◆ **What is required**
Exclude images, then output the remaining data verbatim.

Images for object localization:
------------
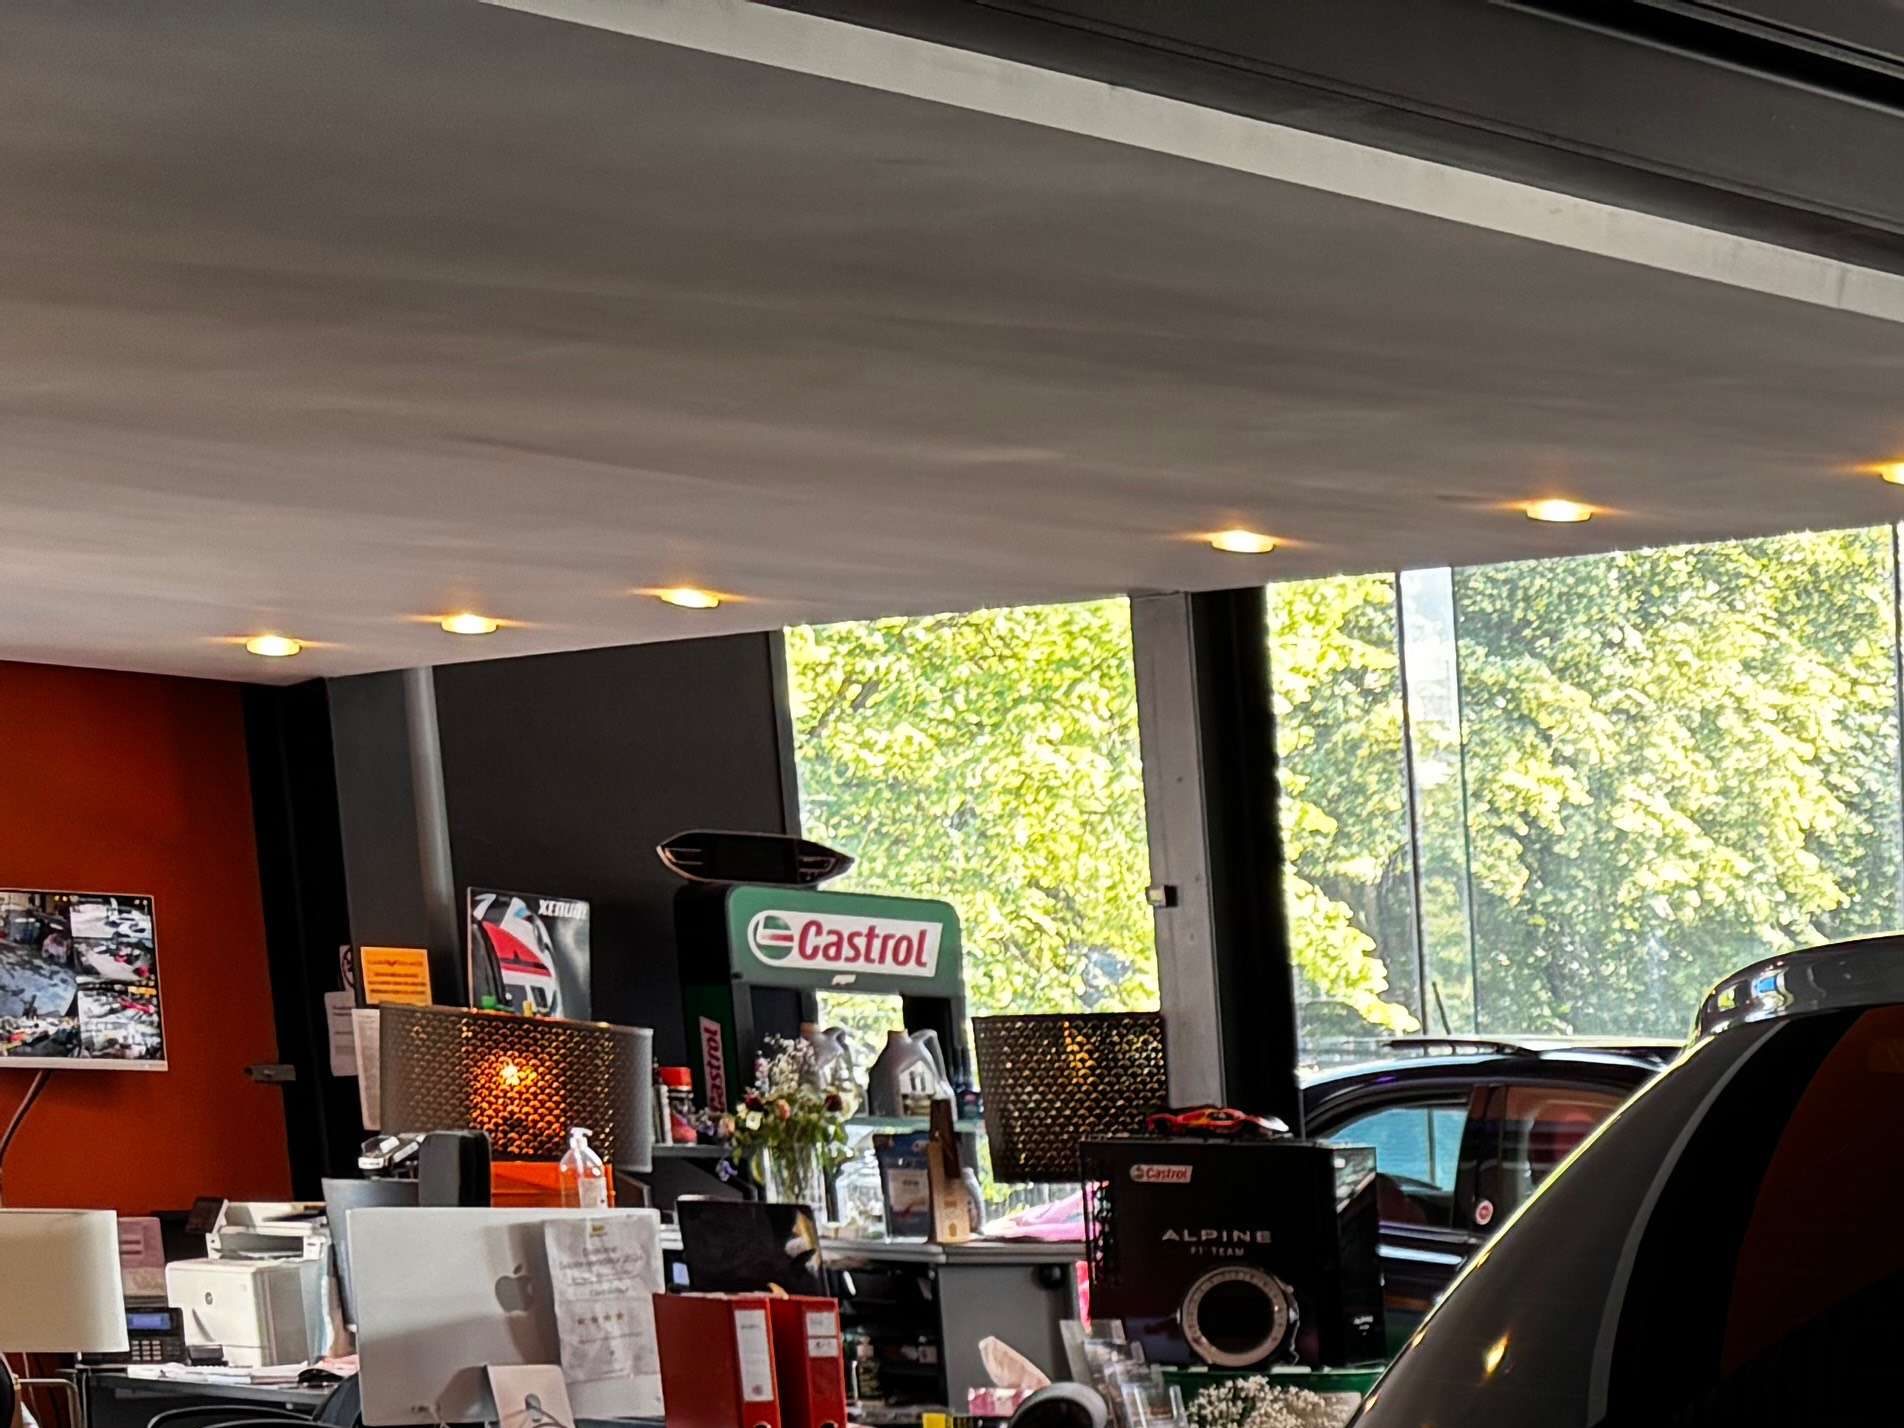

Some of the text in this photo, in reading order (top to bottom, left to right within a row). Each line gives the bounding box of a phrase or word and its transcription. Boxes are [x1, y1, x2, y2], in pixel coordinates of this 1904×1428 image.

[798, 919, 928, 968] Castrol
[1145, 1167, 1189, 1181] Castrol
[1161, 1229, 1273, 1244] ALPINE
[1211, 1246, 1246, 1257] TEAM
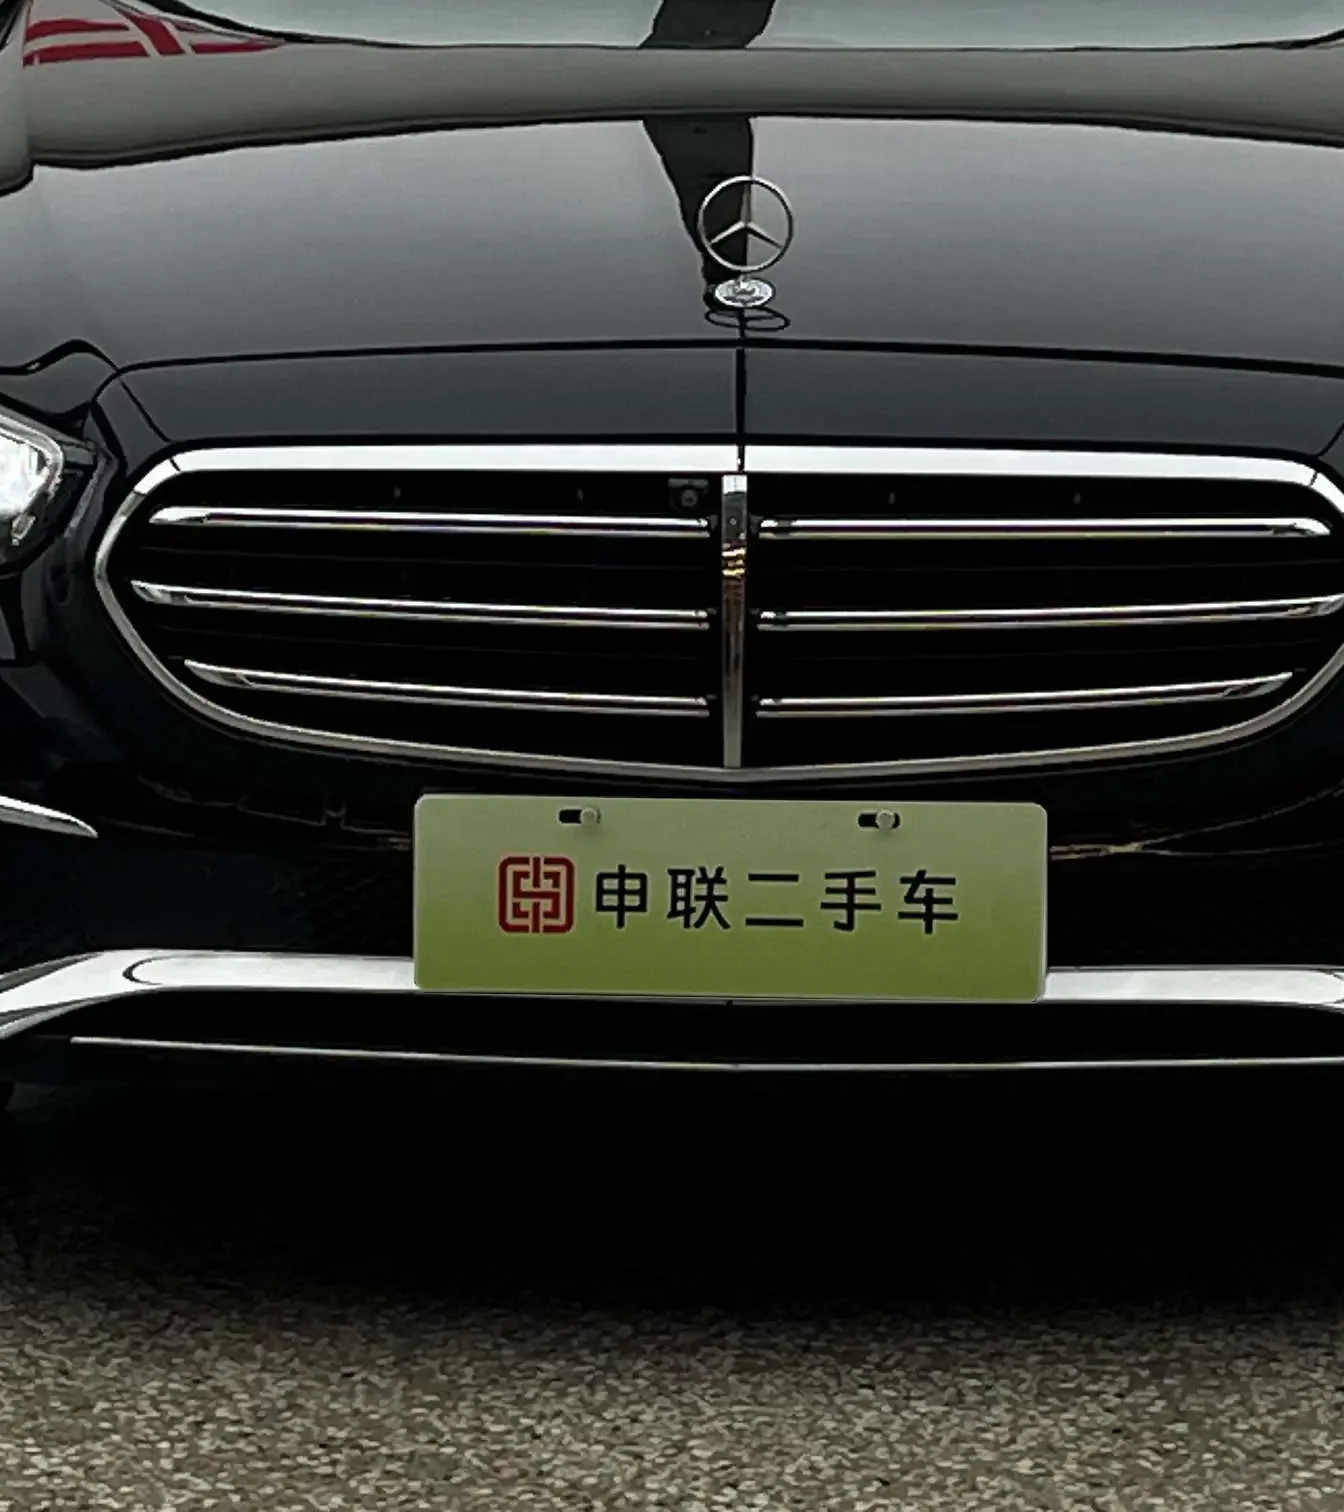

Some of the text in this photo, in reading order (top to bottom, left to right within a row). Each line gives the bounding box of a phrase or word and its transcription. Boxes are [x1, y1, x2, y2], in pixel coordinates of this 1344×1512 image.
------------
◆ **Task solution**
Some of the text in this photo, in reading order (top to bottom, left to right within a row). Each line gives the bounding box of a phrase or word and its transcription. Boxes are [x1, y1, x2, y2], in pixel coordinates of this 1904×1428 image.

[798, 919, 928, 968] Castrol
[1145, 1167, 1189, 1181] Castrol
[1161, 1229, 1273, 1244] ALPINE
[1211, 1246, 1246, 1257] TEAM

Some of the text in this photo, in reading order (top to bottom, left to right within a row). Each line gives the bounding box of a phrase or word and its transcription. Boxes are [x1, y1, x2, y2], in pixel coordinates of this 1344×1512 image.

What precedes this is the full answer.